О. А. Лекманов. «Москва» и «Петушки» у Андрея Белого
Москва
— …баба моя, Матрена, — хииитрая баба — иии!
«Серебряный голубь»— И-и-и-и-и, — заверещал молодой Митрич, — какой дяденька, какой хитрый дяденька…
«Москва–Петушки»В одной из заключительных главок романа «Серебряный голубь» сектант и убийца Сухоруков спьяну выхваляется перед Петром Дарьяльским:
«А я буду тем самым медником: Сухоруковым; ты, конечно, слыхал обо мне: Сухоруковых знают все: и в Чмари, и Козликах, и в Петушках.

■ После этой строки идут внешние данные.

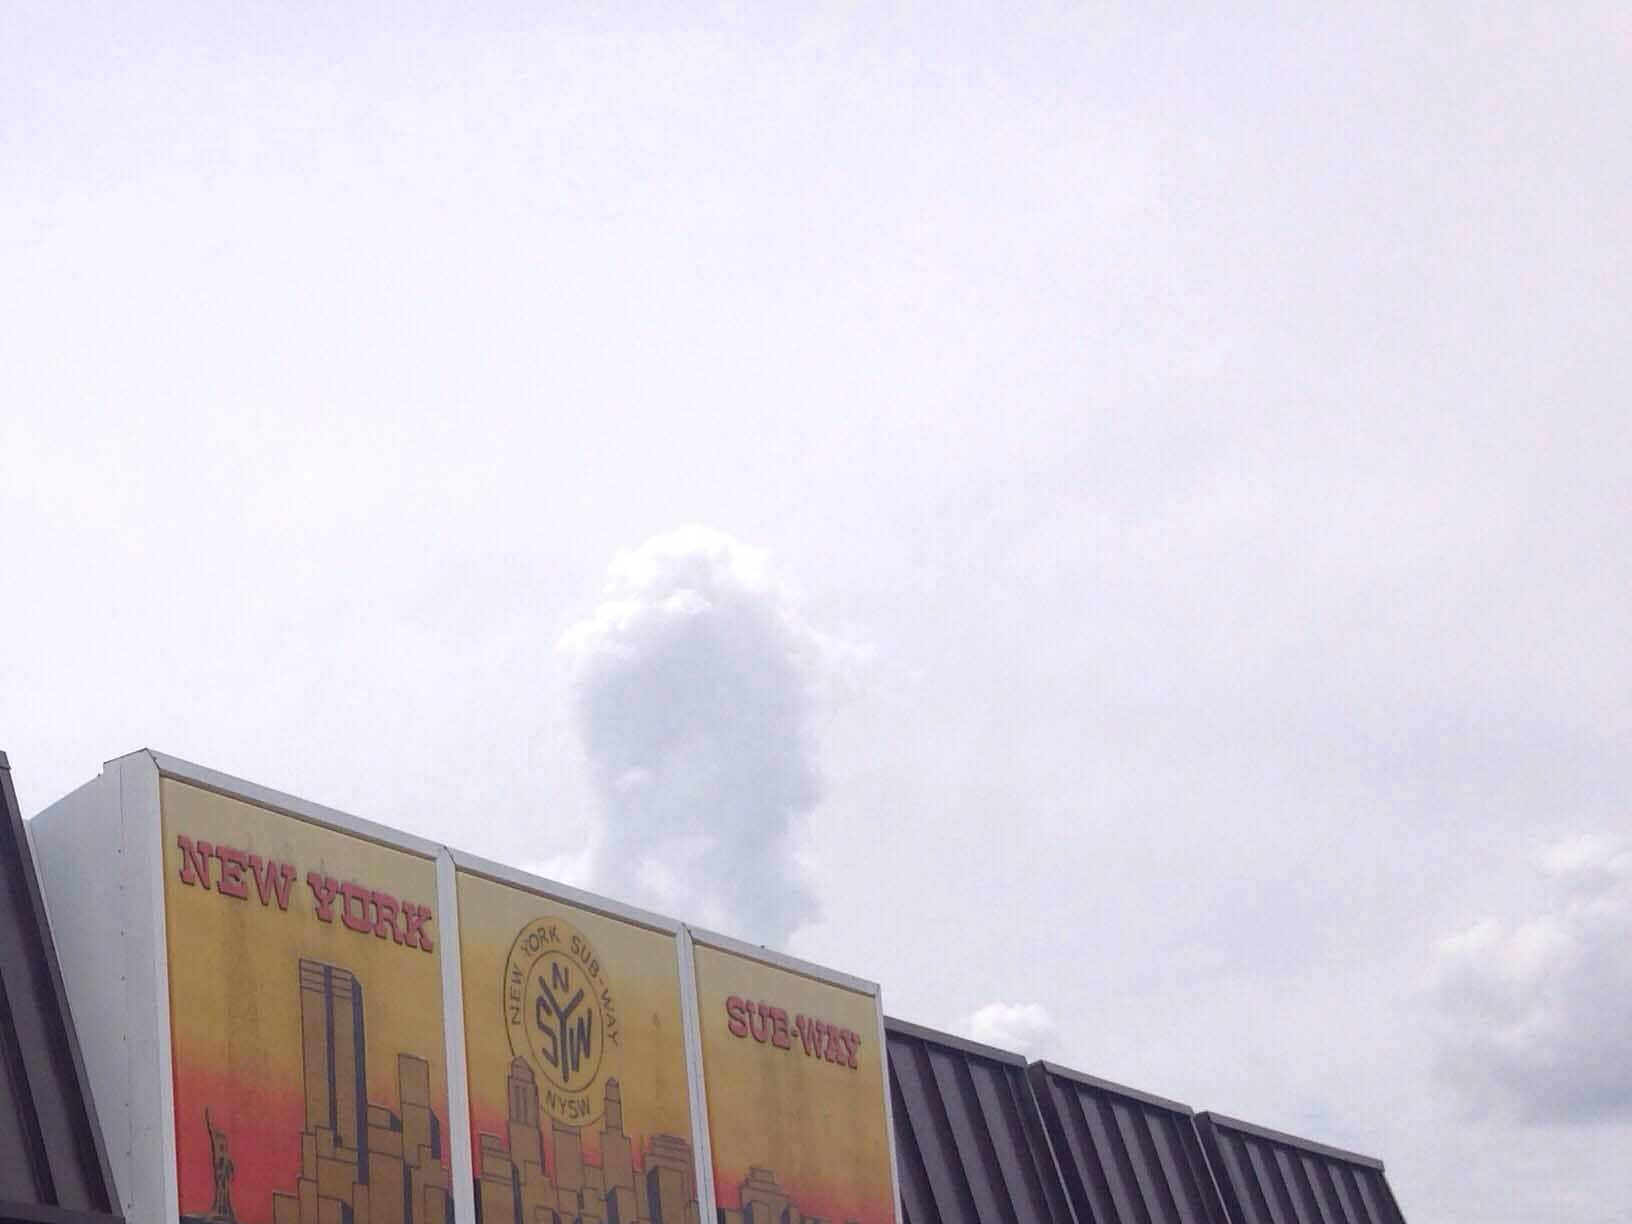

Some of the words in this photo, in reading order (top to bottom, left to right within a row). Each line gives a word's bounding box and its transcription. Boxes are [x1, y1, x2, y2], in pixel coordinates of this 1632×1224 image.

[177, 834, 297, 912] NEW
[306, 871, 433, 953] YORK
[507, 963, 524, 1025] NEW
[520, 924, 561, 957] YORK
[570, 934, 619, 1047] SUB-WAY
[725, 995, 862, 1070] SUB-WAY
[546, 1089, 591, 1119] NYSW

Петр вспомнил вывеску, что на Лиховской площади, где жирными было выведено буквами „Сухоруков“» (с. 355). [41] Здесь и далее роман цитируется по изданию: Андрей Белый. Серебряный голубь. Повесть в семи главах. М., 1989. Далее ссылки на это издание даются в тексте с указанием страницы.
Петушки, как видим, предстают в «Серебряном голубе» местом, на которое распространяется влияние секты «голубей», чей «штаб» базируется в городе со зловещим названием Лихов.
Спасаясь от «голубей» (в той же седьмой главе), Дарьяльский пытается уехать из Лихова в Москву по железной дороге. Эта попытка главного героя романа обречена на провал: [42] В нижеследующем фрагменте «Серебряного голубя» обыгрывается формула «поезд ушел».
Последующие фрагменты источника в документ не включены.